The purpose of this paper is not to argue further for this interpretation but to point out that it has some connections with the views of Charles Peirce. One idea in common is the above-mentioned analogy between words and tools. Peirce writes that “what a thing means is simply what habits it involves” (CP 5.400, see also CP 5.495). The use of things like tools and instruments surely belongs to the habits that they involve. Also John Dewey puts the analogy quite clearly: “In short, the sound h-a-t gains meaning in precisely the same way that the thing ‘hat’ gains it, by being used in a given way” (Dewey 1916, 18).
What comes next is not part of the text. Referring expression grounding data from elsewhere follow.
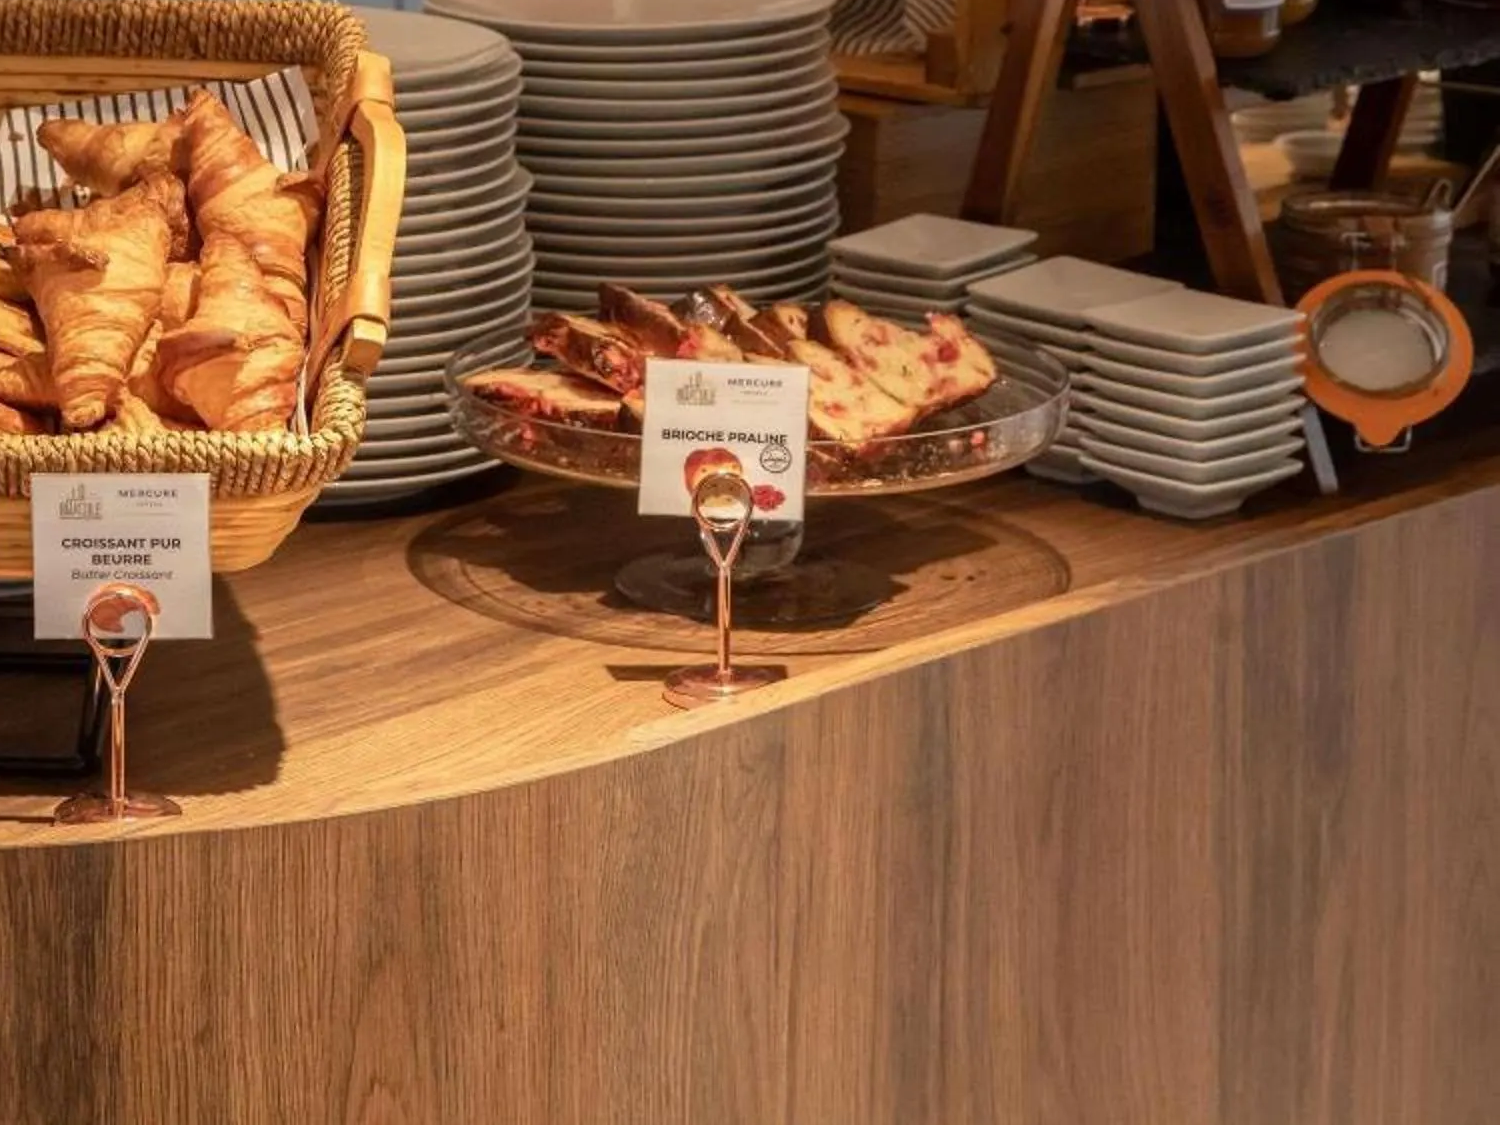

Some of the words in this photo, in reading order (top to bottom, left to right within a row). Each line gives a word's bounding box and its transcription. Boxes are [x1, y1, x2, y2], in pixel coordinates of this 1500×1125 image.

[728, 378, 783, 388] MERCURE
[662, 428, 725, 442] BRIOCHE
[728, 431, 788, 446] PRALINE
[118, 488, 178, 499] MERCURE
[61, 538, 146, 550] CROISSANT
[150, 538, 181, 550] PUR
[91, 554, 153, 566] BEURRE
[71, 570, 111, 580] Butter
[113, 570, 174, 580] Croissant
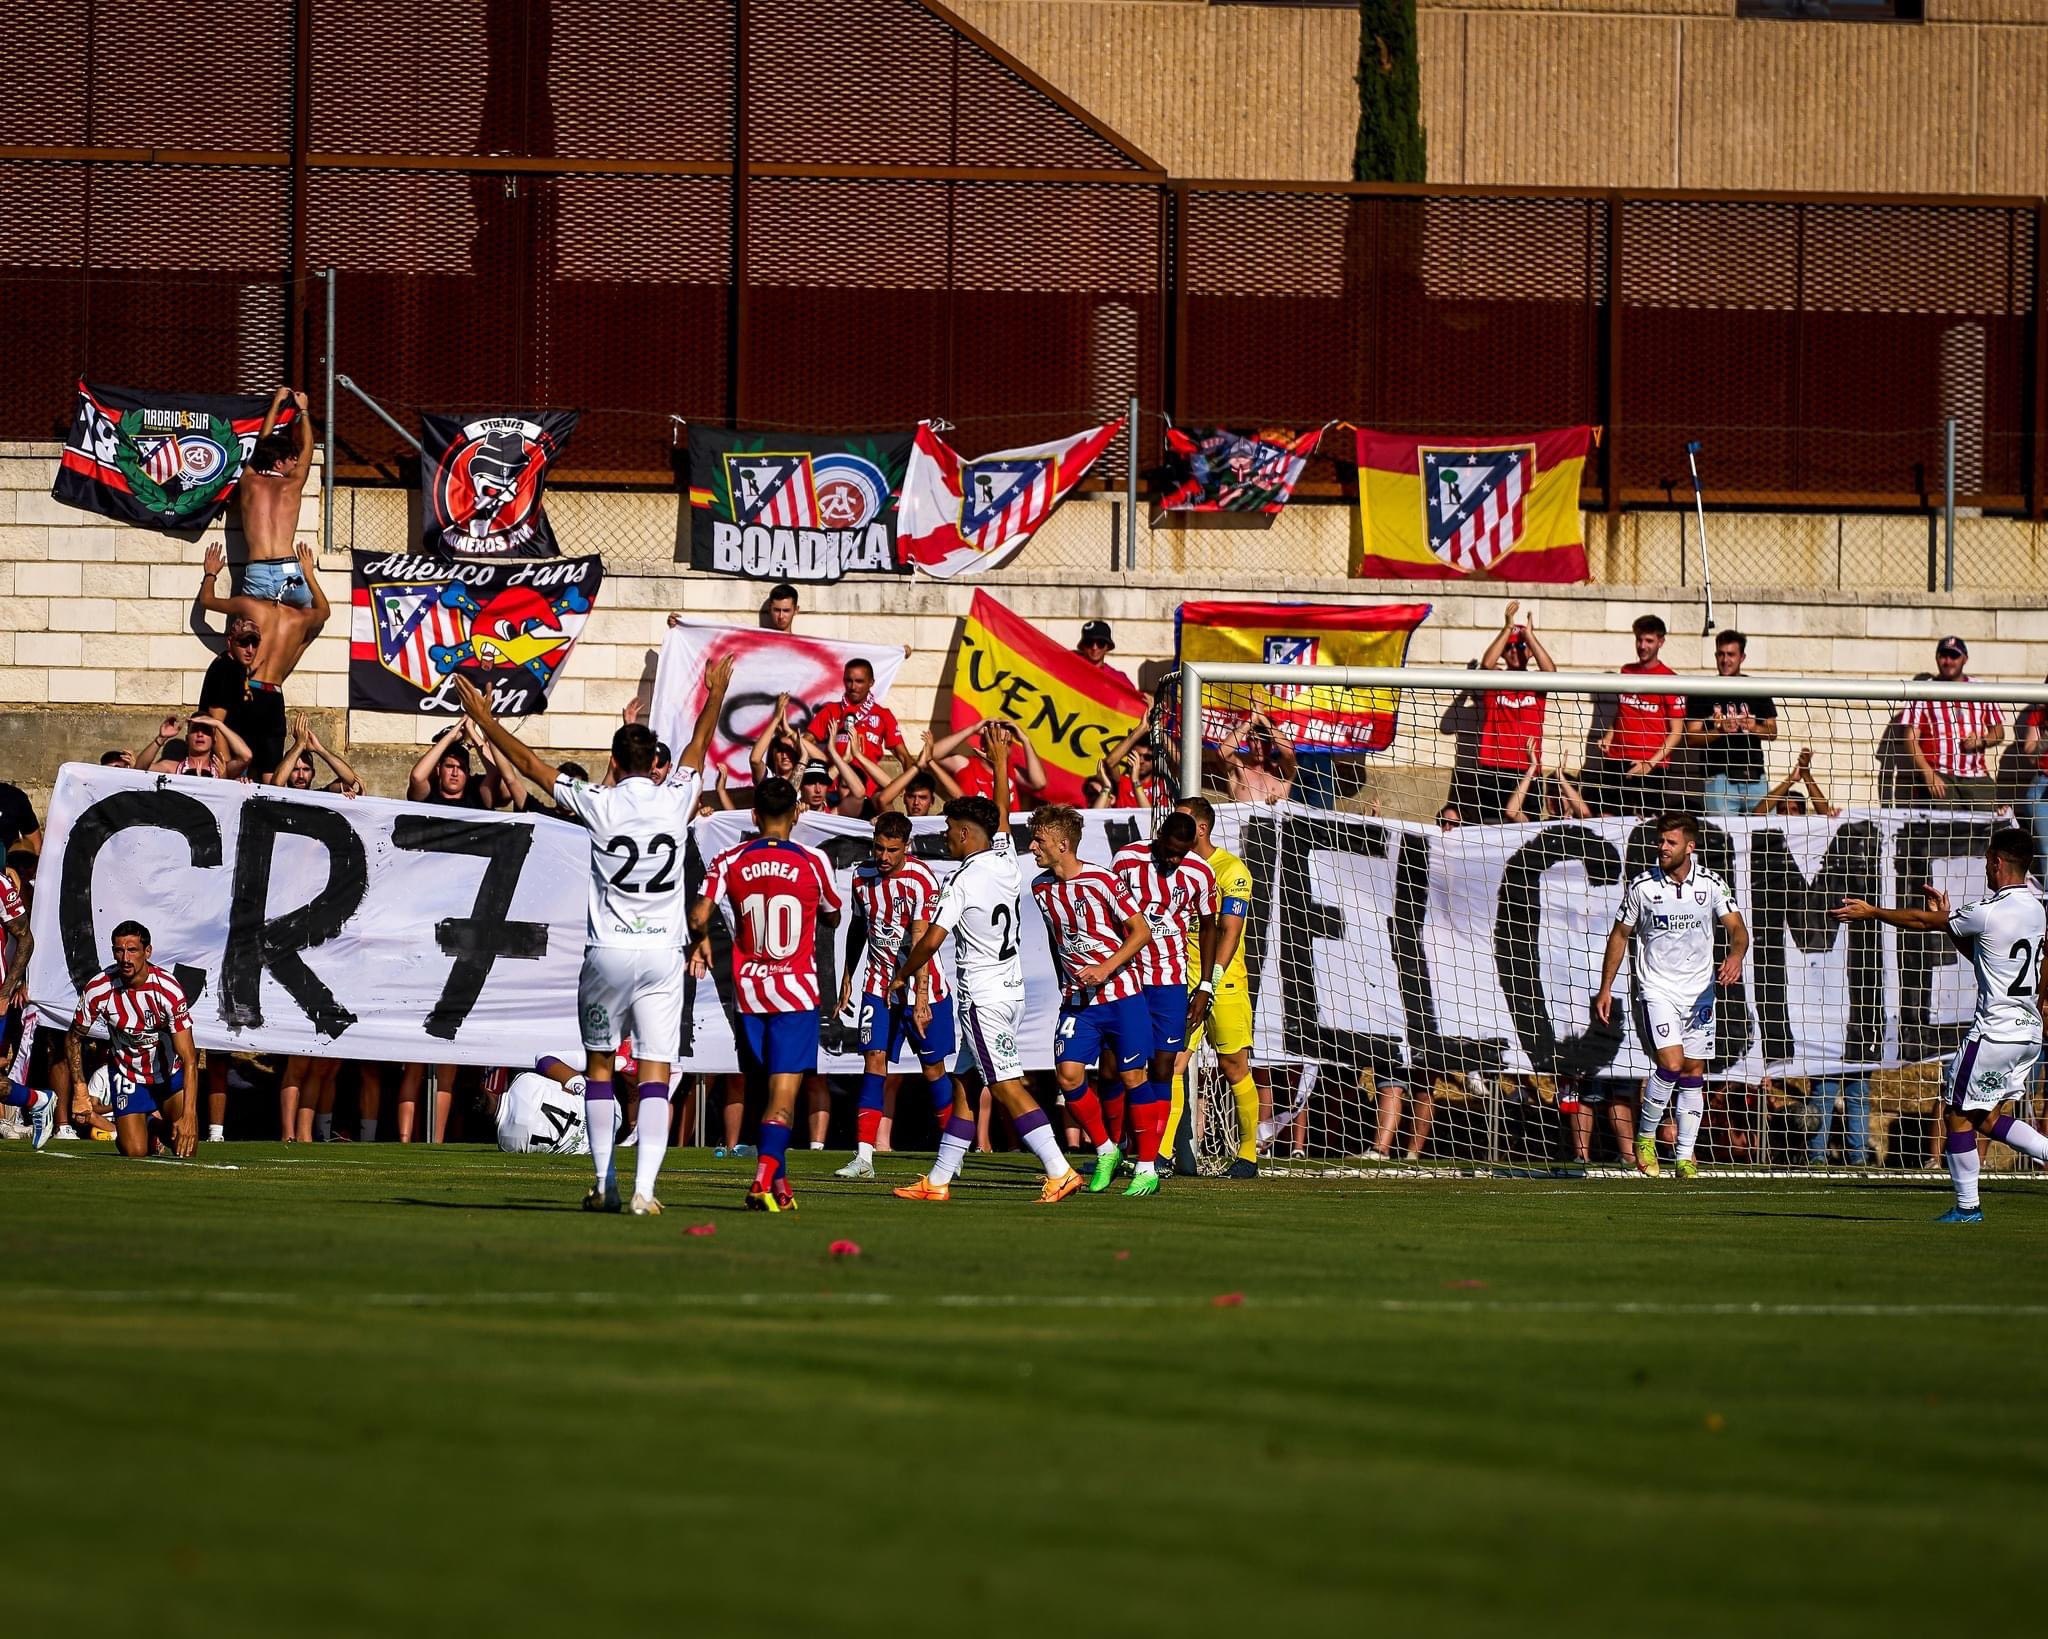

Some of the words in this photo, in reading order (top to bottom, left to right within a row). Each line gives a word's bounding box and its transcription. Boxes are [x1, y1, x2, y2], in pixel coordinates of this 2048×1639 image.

[143, 408, 181, 428] MADRID
[419, 672, 529, 714] Lón
[606, 832, 678, 893] 22
[741, 861, 799, 883] CORREA
[740, 893, 802, 960] 10
[1669, 913, 1694, 923] Grupo
[1669, 919, 1702, 931] Herce
[862, 1005, 874, 1028] 2
In other words, the use of a tool, instrument or any object that can be put to use is its meaning, just as the use of a word is its meaning.

This notion of meaning is wider than that of linguistic meaning, and it can be pushed further to entail that all objects of perception are meaningful entities that are ultimately interpreted in terms of habits of action. In Peirce’s semiotics, signs are three-place relations that consist of an object, a sign-vehicle that refers to this object, and an interpretant by virtue of which the sign-vehicle is interpreted to refer to its object. The interpretant may consist of other sign-vehicles which require further interpretants in order to be elements of a three-place sign-relation, and this process of interpretation may continue to indefinite future. Peirce has, however, a special kind of interpretant, final logical interpretant which is a habit of action. “The deliberately formed, self-analyzing habit - self-analyzing because formed by the aid of analysis of the exercises that nourished it – is the living definition, the veritable and final logical interpretant” (CP 5.591). This ends up the process of interpretation and we get the statement mentioned earlier: what a thing means is simply what habits it involves. For example, a banana is interpreted to be an edible object in terms of habits of eating.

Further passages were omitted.